Villefort paled, knowing what the old man wanted.
Noirtier was still looking at the same spot, but his eyes often turned from the wife to the husband, and then Villefort himself had to suffer the onslaught of those devastating eyes which, as they switched from one object to another, also changed in meaning, though without losing any of their threatening expression.
Mme de Villefort, quite unaware of these passions beamed back and forth above her head, was at that moment holding her son’s ball and motioning him to come and fetch it with a kiss; but Edouard took a lot of persuading: a kiss from his mother probably seemed insufficient reward for the trouble he would have to take. Finally he made up his mind, jumped out of the window into a bed of asters and heliotropes and ran over to Mme de Villefort, his forehead bathed in sweat. Mme de Villefort wiped it dry, put her lips to the damp ivory and sent the child off with his ball in one hand and sweets in the other.

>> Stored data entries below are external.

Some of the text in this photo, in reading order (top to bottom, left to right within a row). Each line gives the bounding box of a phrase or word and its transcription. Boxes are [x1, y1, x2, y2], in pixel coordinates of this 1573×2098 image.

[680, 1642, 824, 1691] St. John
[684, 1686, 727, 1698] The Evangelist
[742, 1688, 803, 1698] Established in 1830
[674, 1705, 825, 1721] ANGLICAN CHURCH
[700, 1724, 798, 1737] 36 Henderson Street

Villefort, drawn by an invisible magnet, like a bird fascinated by a snake, came towards the house. As he approached, Noirtier’s eyes were lowered to follow him and the fire in his pupils seemed to reach such a degree of incandescence that Villefort felt it eating into the depths of his heart. There was indeed a fearsome reproach to be read in those eyes, as well as a dreadful threat. Then Noirtier’s eyes and eyelids were raised towards heaven, as if reminding his son of a forgotten oath.
‘Very well, Monsieur!’ Villefort replied, stepping into the courtyard. ‘Very well! Be patient for one day more. I shall do as I said.’

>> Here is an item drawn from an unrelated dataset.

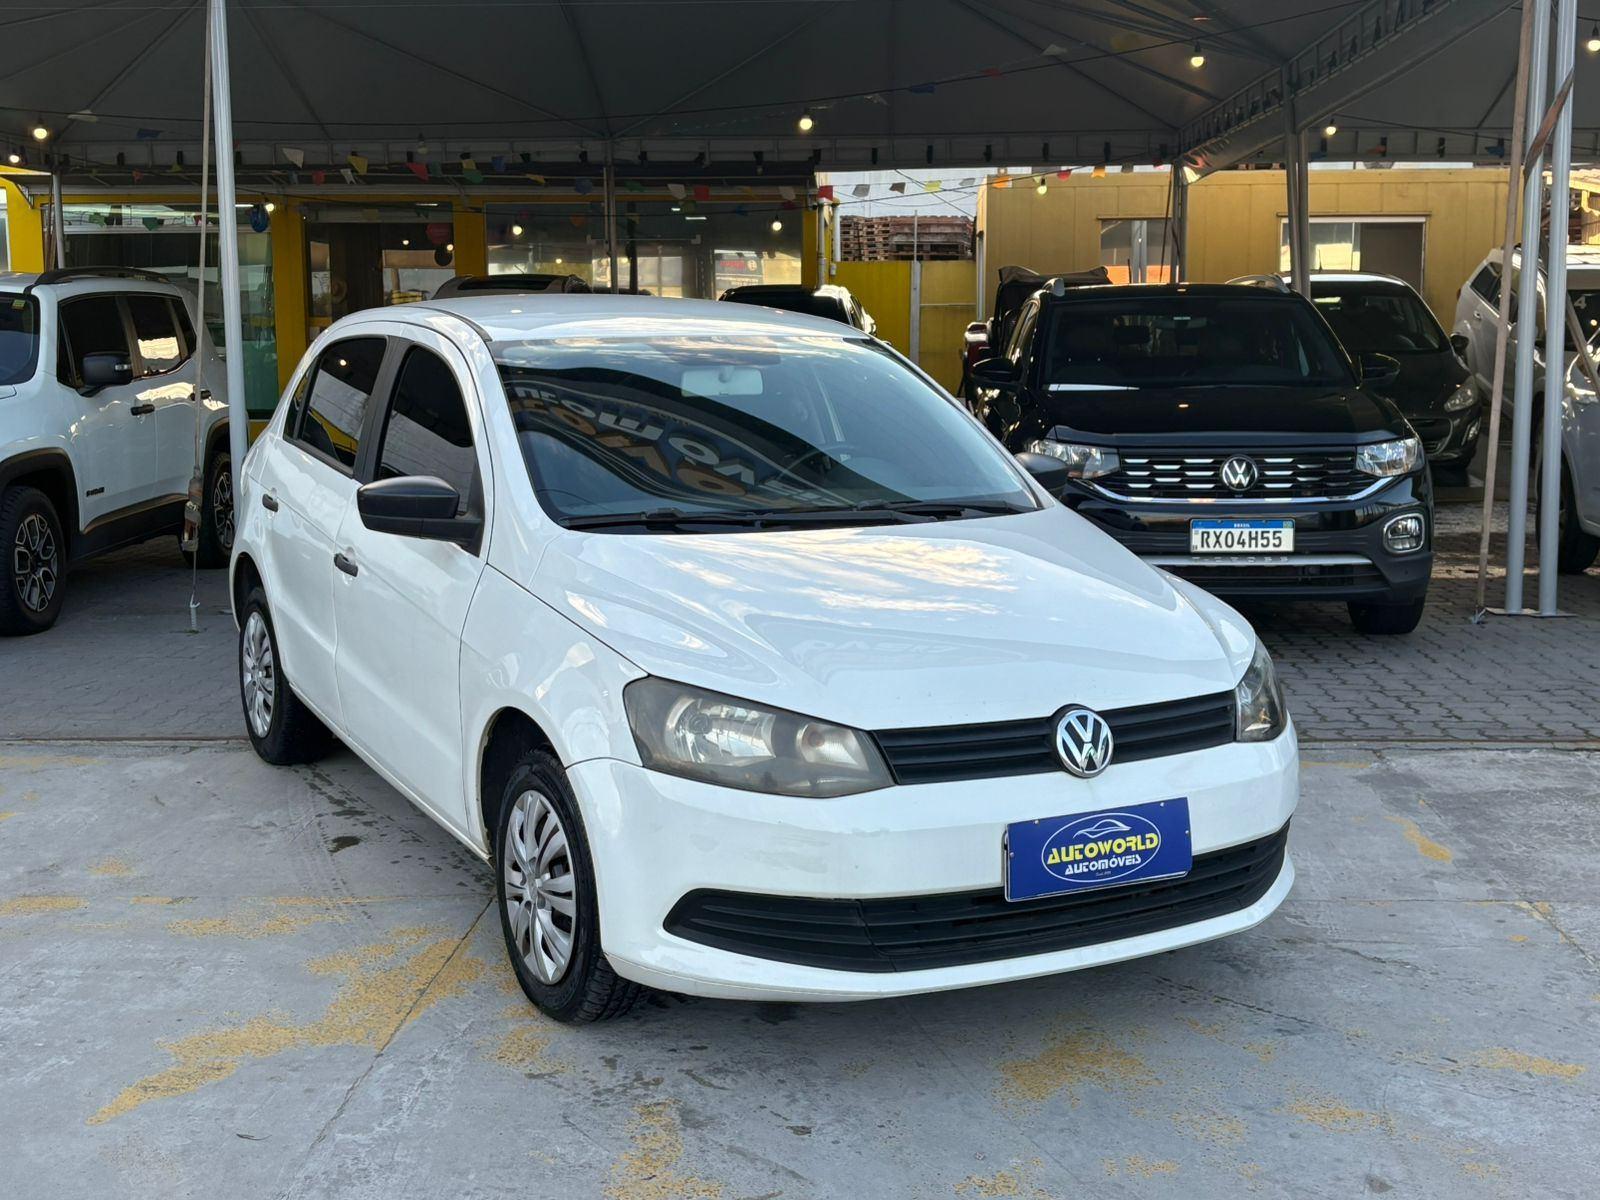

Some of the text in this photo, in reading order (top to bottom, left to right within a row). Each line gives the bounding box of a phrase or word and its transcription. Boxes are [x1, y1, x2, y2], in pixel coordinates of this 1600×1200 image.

Noirtier seemed to be calmed by these words and his eyes turned indifferently away. Villefort swiftly unbuttoned the frock-coat that was stifling him, passed a pale hand across his brow and went back into his study.

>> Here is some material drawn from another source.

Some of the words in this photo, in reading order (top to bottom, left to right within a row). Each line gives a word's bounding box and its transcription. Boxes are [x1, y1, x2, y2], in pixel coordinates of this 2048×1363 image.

The night passed, cold and calm. Everyone went to bed and slept as usual in the house. Only Villefort (as usual) did not go to bed with the rest but worked until five in the morning, running over the last interrogations carried out the day before by the investigating magistrates, studying the evidence of witnesses and clarifying the language of his own opening speech, one of the most powerful and subtly written that he had ever made.
The first session of the assizes was to take place on the following day, Monday. Villefort saw that day dawn, sinister and sickly pale, its bluish light reflecting off the lines on the paper, written in red ink. The judge had fallen asleep for a moment while his lamp burned itself out. He was woken by its spluttering, his hands damp and ink-stained as if he had dipped them in blood.
He opened his window: a wide orange band crossed the distant horizon, cutting across the slender poplars outlined in black against the sky. In the field of alfalfa, beyond the wall by the chestnut-trees, a skylark winged its way into the heavens, followed by its clear morning song. The damp air of dawn flooded over Villefort’s head, awakening his memory.
‘Today will be the day,’ he forced himself to say. ‘Today the man who is to hold the sword of justice must strike wherever the guilty one may be.’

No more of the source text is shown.